趙がウイスキーのグラスを傾ける。琥珀色の液体が彼の口に吸い込まれ、少しグラスの中の嵩が減った。そういう意味じゃないならどういう意味なんだろう。きょとんと彼を見ていると「そういう視線とかさぁ」と情報が付け足されるが、未だ要領は得ない。

「オトコ慣れしてないウブなカンジするよねぇって話」
「えっ…」

思いも寄らない方向に話が曲がって、ナマエは思わずびくりと肩を揺らしてしまった。真っ白とはそういうことだったのか。正直な話、学生時代は勉強漬けに近かったし、就職しても仕事ばかりで、不当解雇されてここまで流れてきているわけで、自分のことに必死だったから恋愛には縁がなかった。

「……私だって異人町でこんな商売してる身なんですから、それなりにいろいろありますよ」

きっと趙は経験豊富な女性を好むのだろう。
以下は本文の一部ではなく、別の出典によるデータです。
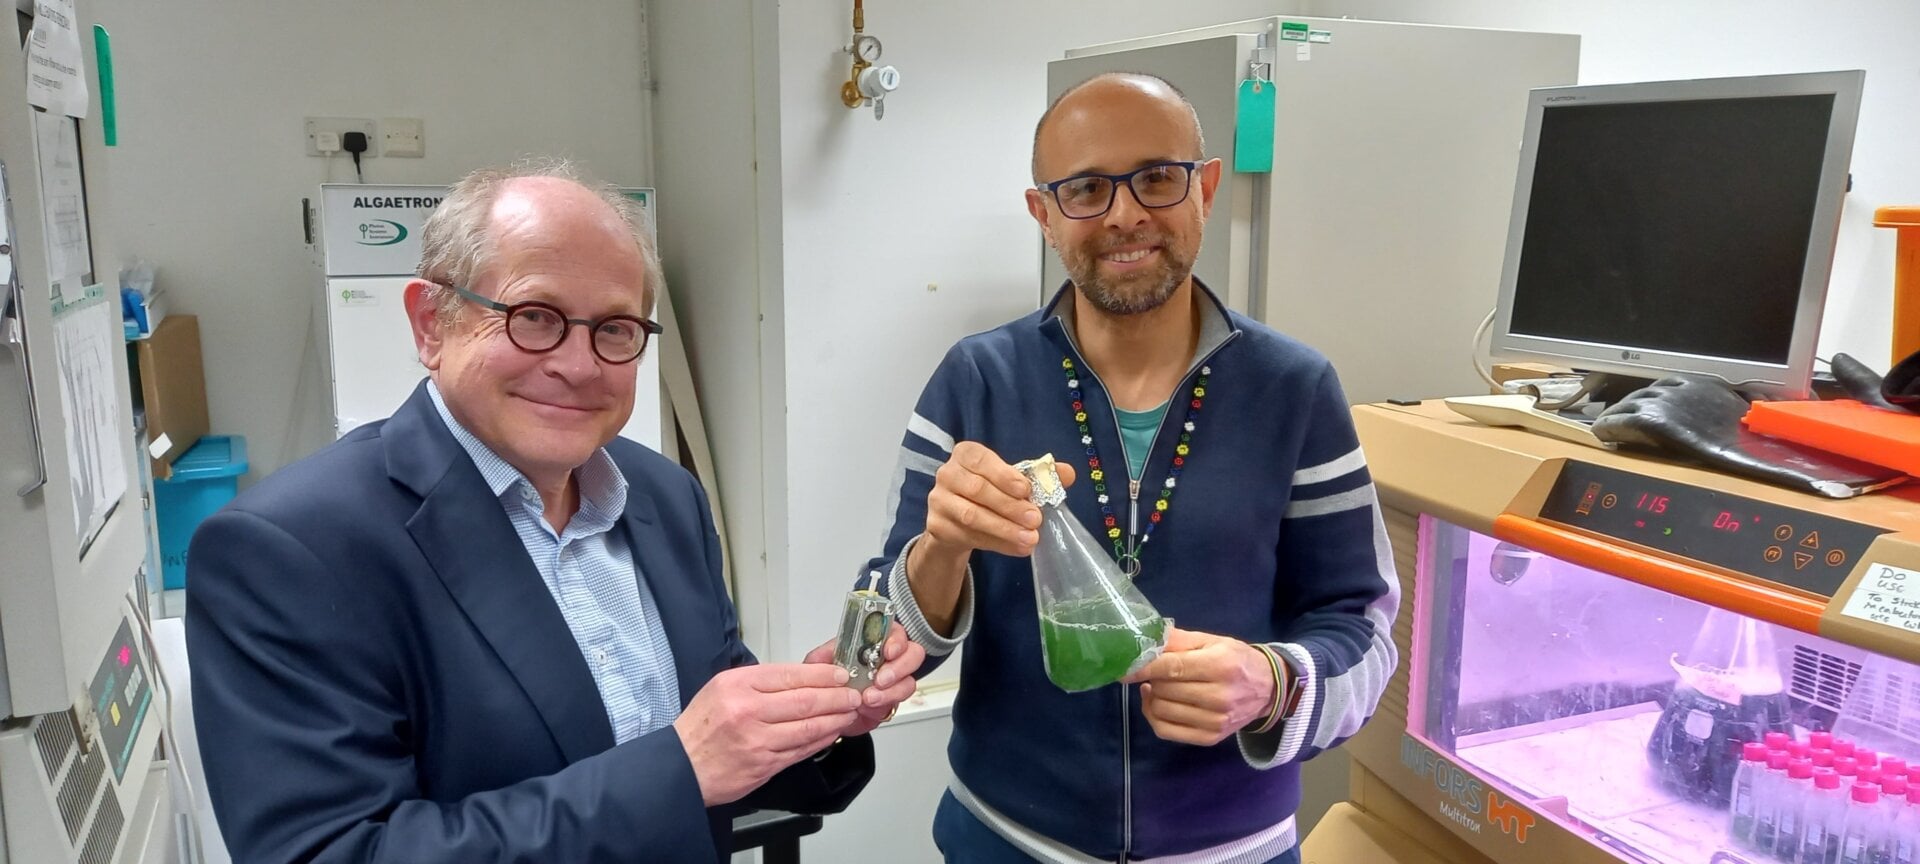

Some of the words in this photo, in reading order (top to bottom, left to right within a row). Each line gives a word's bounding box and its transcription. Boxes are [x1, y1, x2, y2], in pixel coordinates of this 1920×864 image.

[353, 197, 443, 208] ALGAETRON
[1636, 492, 1670, 514] 115
[1402, 735, 1482, 814] INFORS
[1487, 791, 1536, 844] HT
[1440, 801, 1481, 834] Multitron
先ほどのナンバたちとの会話や今まで彼を見かけたときのことなどを継ぎ接ぎにしてそう思ってしまうと、咄嗟に事実を肯定できなくなって嘘をついた。

「へぇ。意外」
「そ、そうですか?」

趙がこちらを向いてテーブルに頬杖をつく。嘘がバレてしまいやしないかとヒヤヒヤして、シャンディガフのグラスを一気に傾ける。趙が小さく笑った。

「いい飲みっぷりだねぇ」
「せっかくの飲み会ですから」

そこから話はまた変わって、総帥を降りた後の自分の暮らしだとか、こないだ小籠包を春日に作ってやったら泣いて喜んでいただとか、また他愛もないものが積み重なる。話題が深掘りされなかったことにホッとしつつ、楽しそうに話をする趙のことを横目で見つめる。サングラスの向こうの彼の瞳は、何を考えているのかよくわからなかった。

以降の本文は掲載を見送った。